◆ ASSIGNMENT ◆
Print the data that follows word for word, leaving out any picture.

◆ RECORDS SUPPLIED ◆

☆ ☆ ☆ ☆ ☆ ☆ ☆

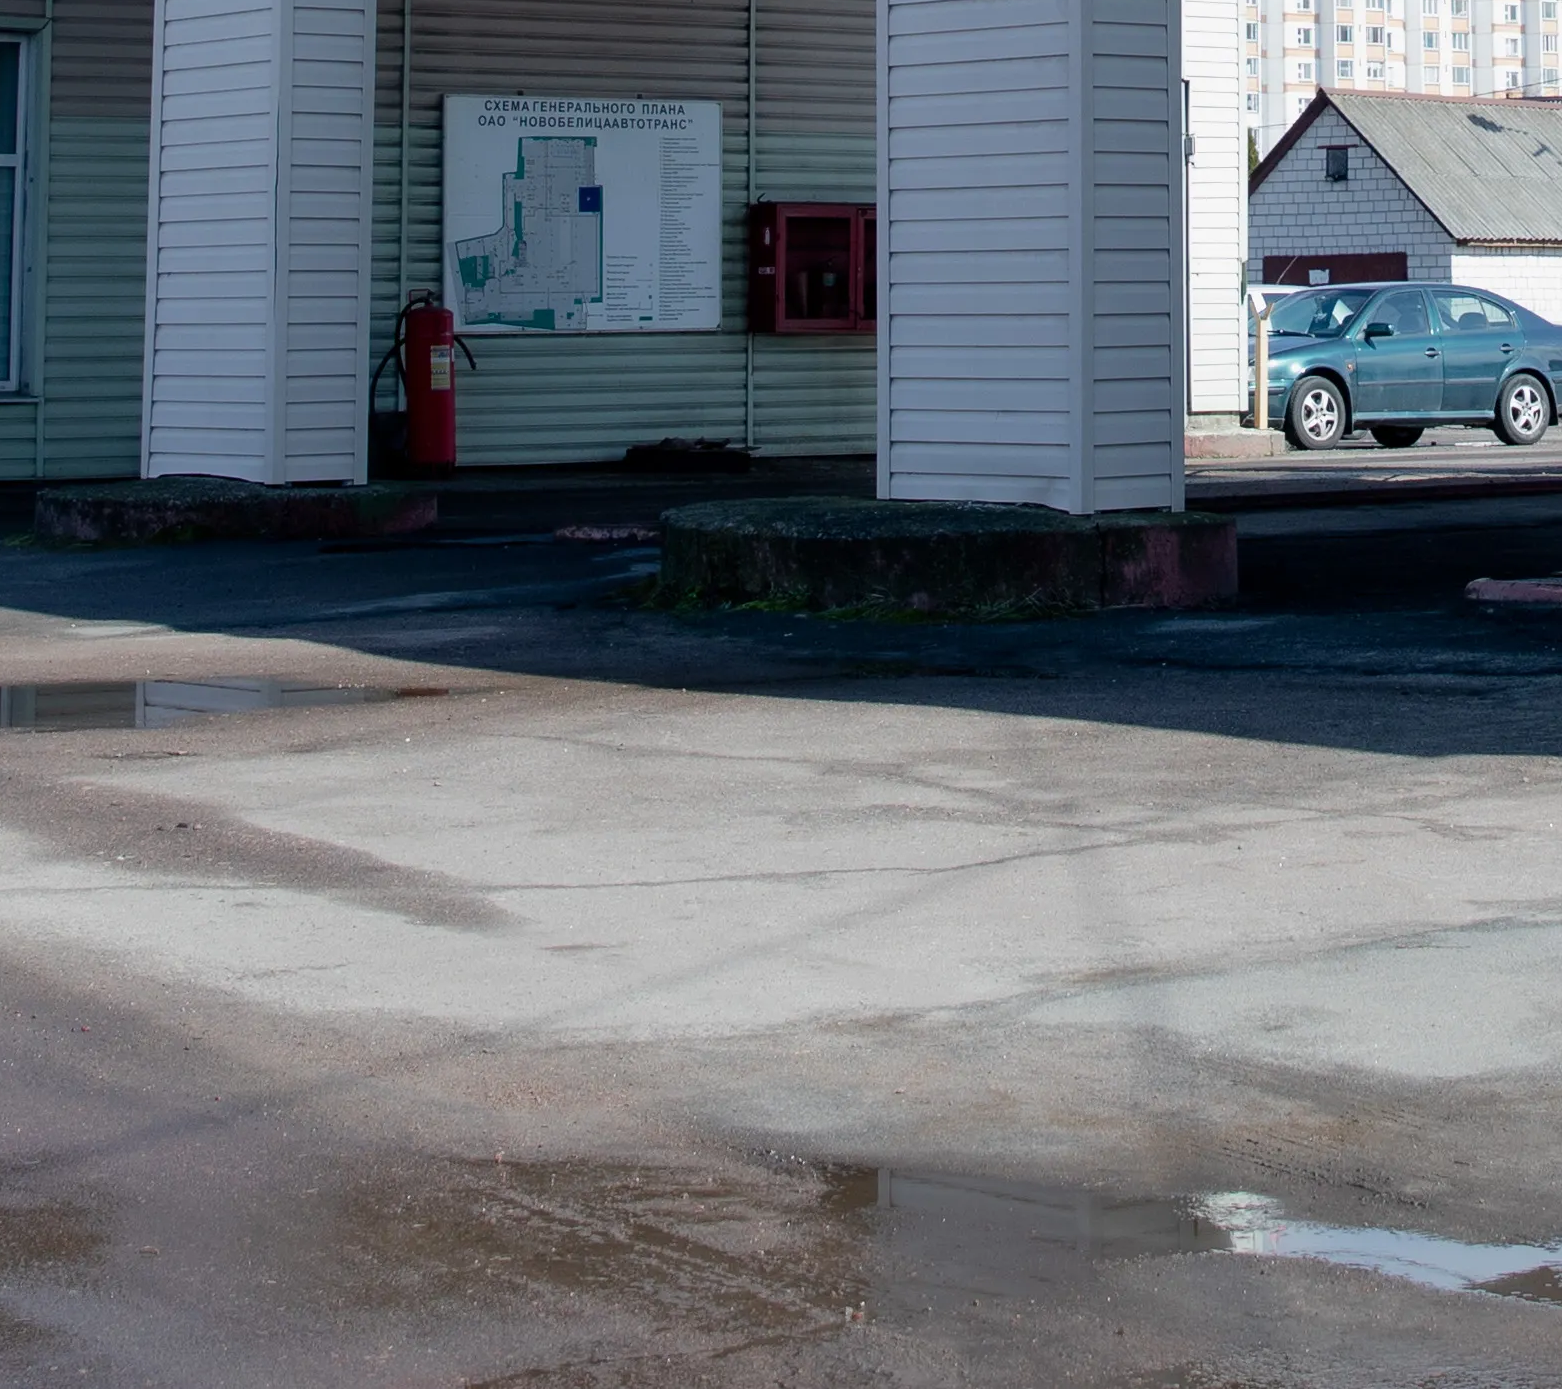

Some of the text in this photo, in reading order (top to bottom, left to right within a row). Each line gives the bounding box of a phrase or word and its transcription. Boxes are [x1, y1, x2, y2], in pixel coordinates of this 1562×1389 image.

[484, 100, 686, 115] СХЕМА ГЕНЕРАЛЬНОГО ПЛАНА
[478, 115, 506, 127] ОАО
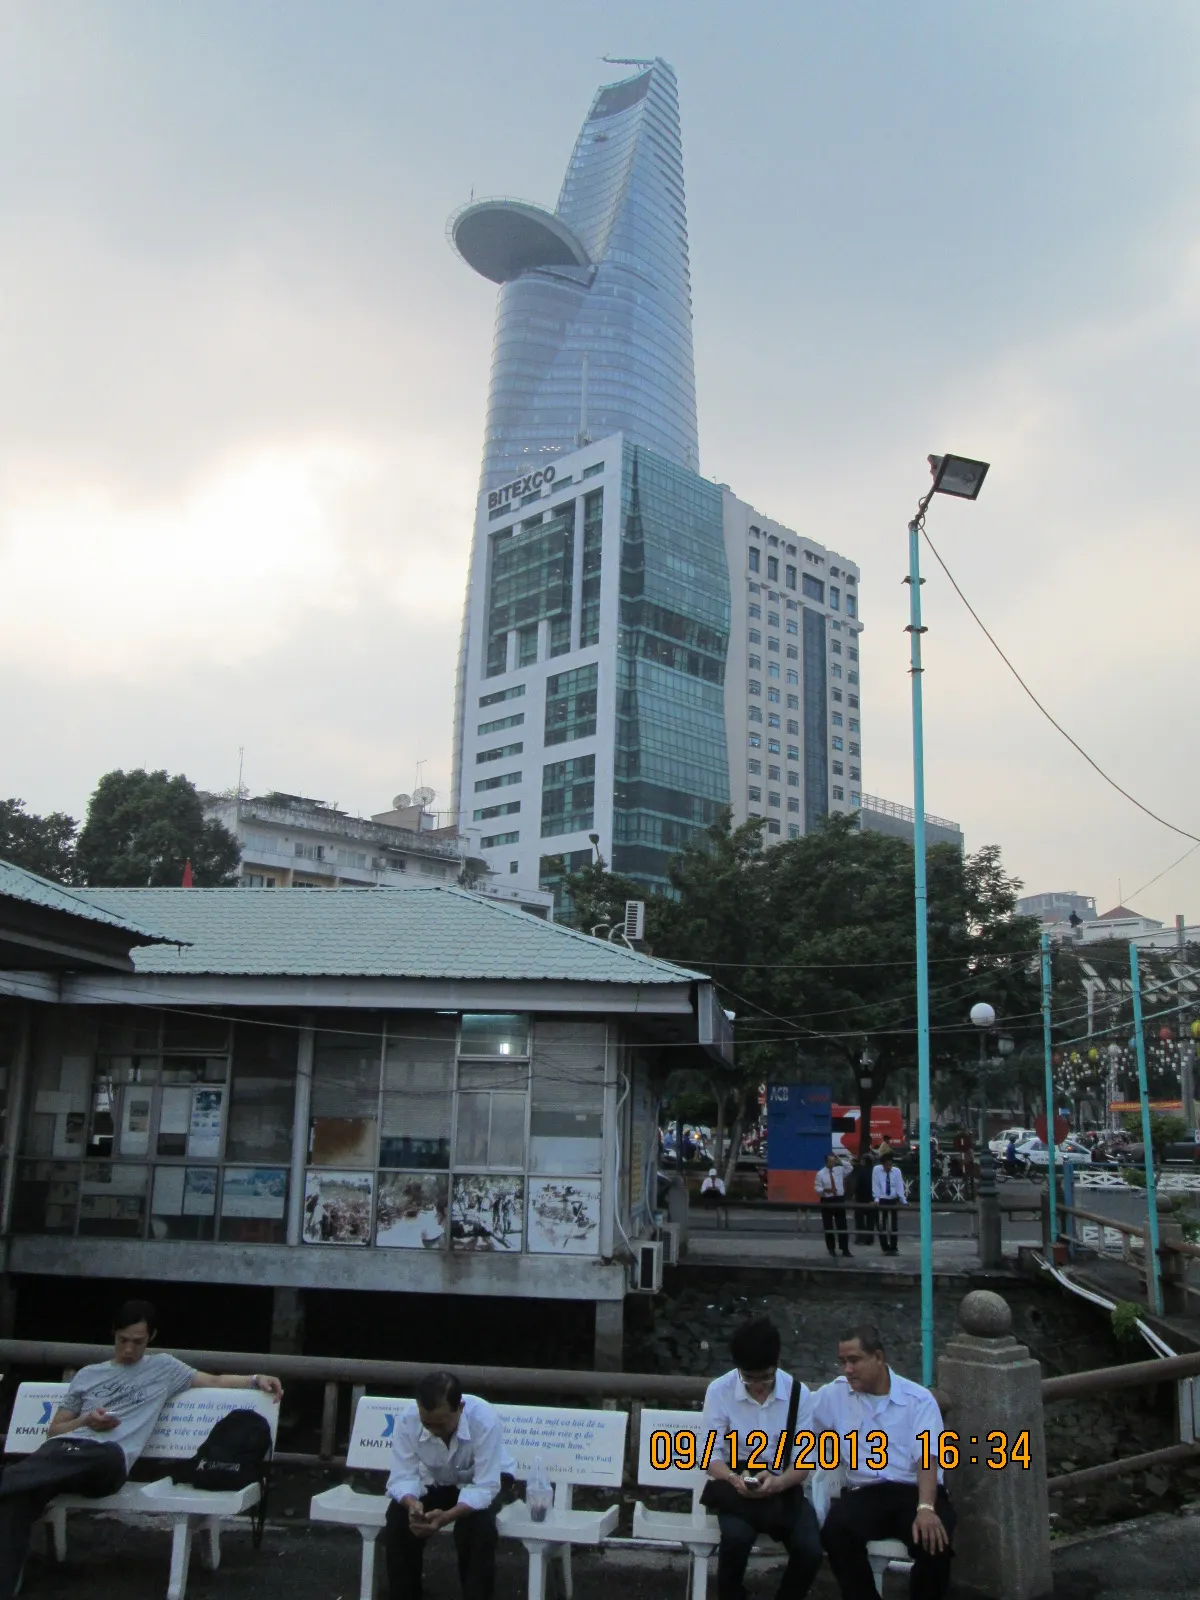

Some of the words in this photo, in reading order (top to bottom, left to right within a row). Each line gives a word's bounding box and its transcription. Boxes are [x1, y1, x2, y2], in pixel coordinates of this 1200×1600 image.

[488, 465, 556, 510] BITEXCO
[770, 1086, 789, 1101] ACB
[360, 1438, 384, 1448] KHAI

☆ ☆ ☆ ☆ ☆ ☆ ☆

◆ RESPONSE ◆
Some of the text in this photo, in reading order (top to bottom, left to right within a row). Each line gives the bounding box of a phrase or word and its transcription. Boxes are [x1, y1, x2, y2], in pixel coordinates of this 1562×1389 image.

[484, 100, 686, 115] СХЕМА ГЕНЕРАЛЬНОГО ПЛАНА
[478, 115, 506, 127] ОАО

Some of the words in this photo, in reading order (top to bottom, left to right within a row). Each line gives a word's bounding box and its transcription. Boxes are [x1, y1, x2, y2], in pixel coordinates of this 1200×1600 image.

[488, 465, 556, 510] BITEXCO
[770, 1086, 789, 1101] ACB
[360, 1438, 384, 1448] KHAI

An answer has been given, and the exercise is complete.